Gen AI Benchmarking: LLMs and VLMs on Jetson

Try to get and launch the vLLM Container, it is shown “No CUDA-capable device is detected (CUDA_ERROR_NO_DEVICE) cuInit()=100”

sudo docker run --rm -it --network host --shm-size=16g --ulimit memlock=-1 --ulimit stack=67108864 --runtime=nvidia --name=vllm nvcr.io/nvidia/vllm:25.09-py3

==========

== vLLM ==

NVIDIA Release 25.09 (build 214638690)
vLLM Version 0.10.1.1+381074ae
Container image Copyright (c) 2025, NVIDIA CORPORATION & AFFILIATES. All rights reserved.
Copyright (c) 2014-2024 Facebook Inc.
Copyright (c) 2011-2014 Idiap Research Institute (Ronan Collobert)
Copyright (c) 2012-2014 Deepmind Technologies (Koray Kavukcuoglu)
Copyright (c) 2011-2012 NEC Laboratories America (Koray Kavukcuoglu)
Copyright (c) 2011-2013 NYU (Clement Farabet)
Copyright (c) 2006-2010 NEC Laboratories America (Ronan Collobert, Leon Bottou, Iain Melvin, Jason Weston)
Copyright (c) 2006 Idiap Research Institute (Samy Bengio)
Copyright (c) 2001-2004 Idiap Research Institute (Ronan Collobert, Samy Bengio, Johnny Mariethoz)
Copyright (c) 2015 Google Inc.
Copyright (c) 2015 Yangqing Jia
Copyright (c) 2013-2016 The Caffe contributors
All rights reserved.

Various files include modifications (c) NVIDIA CORPORATION & AFFILIATES. All rights reserved.

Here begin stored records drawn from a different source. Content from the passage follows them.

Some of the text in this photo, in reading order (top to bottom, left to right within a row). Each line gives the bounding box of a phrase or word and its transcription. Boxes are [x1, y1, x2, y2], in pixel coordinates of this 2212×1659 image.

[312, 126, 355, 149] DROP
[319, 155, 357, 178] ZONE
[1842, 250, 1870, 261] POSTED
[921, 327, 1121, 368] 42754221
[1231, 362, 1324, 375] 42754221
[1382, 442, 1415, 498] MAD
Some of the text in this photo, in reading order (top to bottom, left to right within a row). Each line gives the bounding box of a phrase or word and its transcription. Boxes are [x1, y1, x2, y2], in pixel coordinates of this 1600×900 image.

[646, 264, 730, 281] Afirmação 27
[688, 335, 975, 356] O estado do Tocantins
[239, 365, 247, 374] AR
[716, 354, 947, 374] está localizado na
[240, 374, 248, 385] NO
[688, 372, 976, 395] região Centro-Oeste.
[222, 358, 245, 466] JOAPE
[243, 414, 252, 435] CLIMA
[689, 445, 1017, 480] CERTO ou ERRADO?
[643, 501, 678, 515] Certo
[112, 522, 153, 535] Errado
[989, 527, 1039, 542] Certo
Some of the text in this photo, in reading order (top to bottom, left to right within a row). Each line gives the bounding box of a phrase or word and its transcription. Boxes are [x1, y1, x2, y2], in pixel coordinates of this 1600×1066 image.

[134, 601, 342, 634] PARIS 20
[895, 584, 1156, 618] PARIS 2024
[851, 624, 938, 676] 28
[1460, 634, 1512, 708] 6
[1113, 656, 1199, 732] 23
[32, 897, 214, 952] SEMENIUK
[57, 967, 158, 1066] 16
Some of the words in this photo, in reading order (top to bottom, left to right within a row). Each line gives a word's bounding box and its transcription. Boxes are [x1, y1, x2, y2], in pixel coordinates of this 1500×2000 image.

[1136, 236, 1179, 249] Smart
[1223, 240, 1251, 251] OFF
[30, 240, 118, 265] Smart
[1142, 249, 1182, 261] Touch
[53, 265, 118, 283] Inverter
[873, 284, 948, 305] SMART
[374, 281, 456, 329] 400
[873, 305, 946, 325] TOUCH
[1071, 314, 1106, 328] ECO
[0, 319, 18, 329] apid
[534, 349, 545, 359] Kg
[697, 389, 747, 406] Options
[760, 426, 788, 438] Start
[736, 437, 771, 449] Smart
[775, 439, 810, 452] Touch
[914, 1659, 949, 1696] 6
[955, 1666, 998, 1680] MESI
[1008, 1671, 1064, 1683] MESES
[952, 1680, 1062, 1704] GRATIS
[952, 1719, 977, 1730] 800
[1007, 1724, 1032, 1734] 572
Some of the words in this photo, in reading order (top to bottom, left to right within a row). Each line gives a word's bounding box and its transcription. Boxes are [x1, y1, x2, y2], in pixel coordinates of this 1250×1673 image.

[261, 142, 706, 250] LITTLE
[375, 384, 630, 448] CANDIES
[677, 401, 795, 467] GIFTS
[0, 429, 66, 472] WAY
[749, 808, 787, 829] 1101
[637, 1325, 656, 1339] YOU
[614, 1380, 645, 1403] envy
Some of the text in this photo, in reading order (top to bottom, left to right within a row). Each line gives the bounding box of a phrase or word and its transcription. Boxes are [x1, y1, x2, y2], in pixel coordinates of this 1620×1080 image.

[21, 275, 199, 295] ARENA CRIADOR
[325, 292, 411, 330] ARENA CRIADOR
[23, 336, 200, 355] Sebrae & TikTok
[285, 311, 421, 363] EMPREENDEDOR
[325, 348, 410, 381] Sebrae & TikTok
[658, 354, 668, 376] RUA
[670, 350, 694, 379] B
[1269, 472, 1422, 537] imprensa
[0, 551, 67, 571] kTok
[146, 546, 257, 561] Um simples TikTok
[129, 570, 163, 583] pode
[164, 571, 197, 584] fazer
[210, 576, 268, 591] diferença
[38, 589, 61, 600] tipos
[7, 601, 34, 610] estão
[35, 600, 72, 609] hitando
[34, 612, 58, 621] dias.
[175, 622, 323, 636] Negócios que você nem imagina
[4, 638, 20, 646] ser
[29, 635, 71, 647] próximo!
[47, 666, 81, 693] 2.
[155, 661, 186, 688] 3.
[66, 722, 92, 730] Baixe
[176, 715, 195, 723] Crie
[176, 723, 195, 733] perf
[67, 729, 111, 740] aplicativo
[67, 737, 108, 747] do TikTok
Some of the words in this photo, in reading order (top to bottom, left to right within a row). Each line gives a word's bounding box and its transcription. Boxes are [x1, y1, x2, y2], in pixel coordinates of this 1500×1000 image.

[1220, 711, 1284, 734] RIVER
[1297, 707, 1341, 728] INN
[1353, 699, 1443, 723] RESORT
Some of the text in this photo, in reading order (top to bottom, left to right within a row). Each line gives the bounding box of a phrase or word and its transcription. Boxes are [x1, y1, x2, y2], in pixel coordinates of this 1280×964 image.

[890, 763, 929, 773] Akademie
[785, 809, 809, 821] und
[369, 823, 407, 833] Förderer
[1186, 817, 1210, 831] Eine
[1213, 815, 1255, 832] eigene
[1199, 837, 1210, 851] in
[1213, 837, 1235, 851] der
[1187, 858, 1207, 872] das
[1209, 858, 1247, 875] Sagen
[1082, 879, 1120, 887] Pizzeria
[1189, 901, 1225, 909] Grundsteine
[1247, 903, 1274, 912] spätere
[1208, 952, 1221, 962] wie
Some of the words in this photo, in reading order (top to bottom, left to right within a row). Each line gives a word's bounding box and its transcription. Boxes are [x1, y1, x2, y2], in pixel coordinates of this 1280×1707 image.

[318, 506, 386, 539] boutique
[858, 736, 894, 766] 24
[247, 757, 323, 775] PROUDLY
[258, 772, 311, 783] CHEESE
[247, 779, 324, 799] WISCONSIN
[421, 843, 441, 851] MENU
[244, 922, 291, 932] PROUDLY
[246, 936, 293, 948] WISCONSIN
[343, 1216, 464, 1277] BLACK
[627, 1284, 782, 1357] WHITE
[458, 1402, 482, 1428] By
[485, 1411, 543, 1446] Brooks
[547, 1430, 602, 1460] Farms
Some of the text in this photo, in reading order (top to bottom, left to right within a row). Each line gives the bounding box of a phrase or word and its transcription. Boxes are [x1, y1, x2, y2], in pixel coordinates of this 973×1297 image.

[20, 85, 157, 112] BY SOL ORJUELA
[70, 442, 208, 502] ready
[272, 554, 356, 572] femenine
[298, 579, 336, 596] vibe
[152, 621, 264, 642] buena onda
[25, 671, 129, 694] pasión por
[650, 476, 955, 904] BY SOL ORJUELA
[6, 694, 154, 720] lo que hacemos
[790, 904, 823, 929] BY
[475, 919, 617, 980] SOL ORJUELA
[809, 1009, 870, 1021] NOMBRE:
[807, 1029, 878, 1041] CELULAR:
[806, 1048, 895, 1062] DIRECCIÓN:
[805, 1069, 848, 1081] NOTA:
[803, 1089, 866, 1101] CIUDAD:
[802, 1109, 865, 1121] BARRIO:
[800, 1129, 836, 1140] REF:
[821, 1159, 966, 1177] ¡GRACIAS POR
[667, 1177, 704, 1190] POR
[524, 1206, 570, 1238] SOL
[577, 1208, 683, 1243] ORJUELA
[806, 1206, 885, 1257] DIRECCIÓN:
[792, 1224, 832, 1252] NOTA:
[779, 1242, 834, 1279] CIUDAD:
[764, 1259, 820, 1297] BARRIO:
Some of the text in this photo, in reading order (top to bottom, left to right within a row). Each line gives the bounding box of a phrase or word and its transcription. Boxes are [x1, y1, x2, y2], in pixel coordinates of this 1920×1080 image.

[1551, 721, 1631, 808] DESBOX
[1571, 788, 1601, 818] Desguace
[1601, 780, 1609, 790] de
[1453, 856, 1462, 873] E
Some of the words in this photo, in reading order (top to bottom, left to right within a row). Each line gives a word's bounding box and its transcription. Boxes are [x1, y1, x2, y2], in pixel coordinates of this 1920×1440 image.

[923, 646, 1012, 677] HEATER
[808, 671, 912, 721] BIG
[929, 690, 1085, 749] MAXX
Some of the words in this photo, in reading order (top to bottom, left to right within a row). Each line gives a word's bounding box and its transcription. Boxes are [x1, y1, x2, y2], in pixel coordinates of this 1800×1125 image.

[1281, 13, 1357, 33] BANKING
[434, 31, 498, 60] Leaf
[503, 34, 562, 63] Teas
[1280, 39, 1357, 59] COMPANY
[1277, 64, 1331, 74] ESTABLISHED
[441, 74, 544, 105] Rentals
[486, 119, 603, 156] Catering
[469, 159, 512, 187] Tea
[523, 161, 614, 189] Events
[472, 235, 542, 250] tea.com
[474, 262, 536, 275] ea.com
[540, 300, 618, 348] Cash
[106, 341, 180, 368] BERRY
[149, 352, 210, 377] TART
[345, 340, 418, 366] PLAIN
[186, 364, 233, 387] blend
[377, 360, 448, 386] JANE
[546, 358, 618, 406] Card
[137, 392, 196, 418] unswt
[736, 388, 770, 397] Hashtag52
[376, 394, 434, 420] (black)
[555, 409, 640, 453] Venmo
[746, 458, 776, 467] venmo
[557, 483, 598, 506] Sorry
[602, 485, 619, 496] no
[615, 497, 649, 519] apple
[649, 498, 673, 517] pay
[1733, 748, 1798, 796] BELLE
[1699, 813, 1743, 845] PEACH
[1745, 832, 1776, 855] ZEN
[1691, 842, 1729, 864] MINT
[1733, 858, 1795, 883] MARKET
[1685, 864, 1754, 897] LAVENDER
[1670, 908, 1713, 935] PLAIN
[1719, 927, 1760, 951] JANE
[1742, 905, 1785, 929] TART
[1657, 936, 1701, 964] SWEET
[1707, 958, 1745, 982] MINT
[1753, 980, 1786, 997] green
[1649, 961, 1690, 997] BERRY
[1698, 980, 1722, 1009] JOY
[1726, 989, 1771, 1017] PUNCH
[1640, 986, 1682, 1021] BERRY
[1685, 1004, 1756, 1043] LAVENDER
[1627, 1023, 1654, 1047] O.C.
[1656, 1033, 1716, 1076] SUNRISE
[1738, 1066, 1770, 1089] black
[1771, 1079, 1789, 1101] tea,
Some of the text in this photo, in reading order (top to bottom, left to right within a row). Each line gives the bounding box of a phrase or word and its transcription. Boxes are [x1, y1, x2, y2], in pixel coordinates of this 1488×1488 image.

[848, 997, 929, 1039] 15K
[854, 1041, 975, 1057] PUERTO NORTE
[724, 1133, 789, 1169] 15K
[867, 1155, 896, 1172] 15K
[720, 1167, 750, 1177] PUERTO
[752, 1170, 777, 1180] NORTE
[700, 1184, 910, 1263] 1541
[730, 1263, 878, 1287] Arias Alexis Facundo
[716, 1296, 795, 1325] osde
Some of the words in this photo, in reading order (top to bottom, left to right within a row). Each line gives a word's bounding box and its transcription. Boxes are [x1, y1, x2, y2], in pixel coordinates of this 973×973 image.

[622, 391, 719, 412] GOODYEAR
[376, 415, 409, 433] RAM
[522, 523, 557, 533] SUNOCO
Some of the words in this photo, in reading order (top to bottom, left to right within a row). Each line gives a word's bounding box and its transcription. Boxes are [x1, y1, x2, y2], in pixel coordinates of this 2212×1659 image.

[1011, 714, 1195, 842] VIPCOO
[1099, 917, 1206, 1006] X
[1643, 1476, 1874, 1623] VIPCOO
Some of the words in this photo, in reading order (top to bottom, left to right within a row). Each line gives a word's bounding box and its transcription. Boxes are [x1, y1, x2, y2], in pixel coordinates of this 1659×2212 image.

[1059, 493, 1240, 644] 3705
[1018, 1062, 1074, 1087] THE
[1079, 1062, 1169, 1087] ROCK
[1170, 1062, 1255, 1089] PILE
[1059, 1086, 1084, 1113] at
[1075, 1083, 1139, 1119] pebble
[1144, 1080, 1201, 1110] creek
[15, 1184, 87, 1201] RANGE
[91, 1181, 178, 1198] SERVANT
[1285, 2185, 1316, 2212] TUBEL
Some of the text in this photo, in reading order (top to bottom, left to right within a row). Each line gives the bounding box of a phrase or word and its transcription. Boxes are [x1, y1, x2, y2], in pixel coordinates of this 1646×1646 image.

GOVERNING TERMS: The software and materials are governed by the NVIDIA Software License Agreement
(found at https://www.nvidia.com/en-us/agreements/enterprise-software/nvidia-software-license-agreement/)
and the Product-Specific Terms for NVIDIA AI Products
(found at https://www.nvidia.com/en-us/agreements/enterprise-software/product-specific-terms-for-ai-products/).

ERROR: This container was built for NVIDIA Driver Release 580.82 or later, but
version 540.4.0 was detected and compatibility mode is UNAVAILABLE.

   [[No CUDA-capable device is detected (CUDA_ERROR_NO_DEVICE) cuInit()=100]]

Hi there @twshen2000, welcome to the NVIDIA developer forums.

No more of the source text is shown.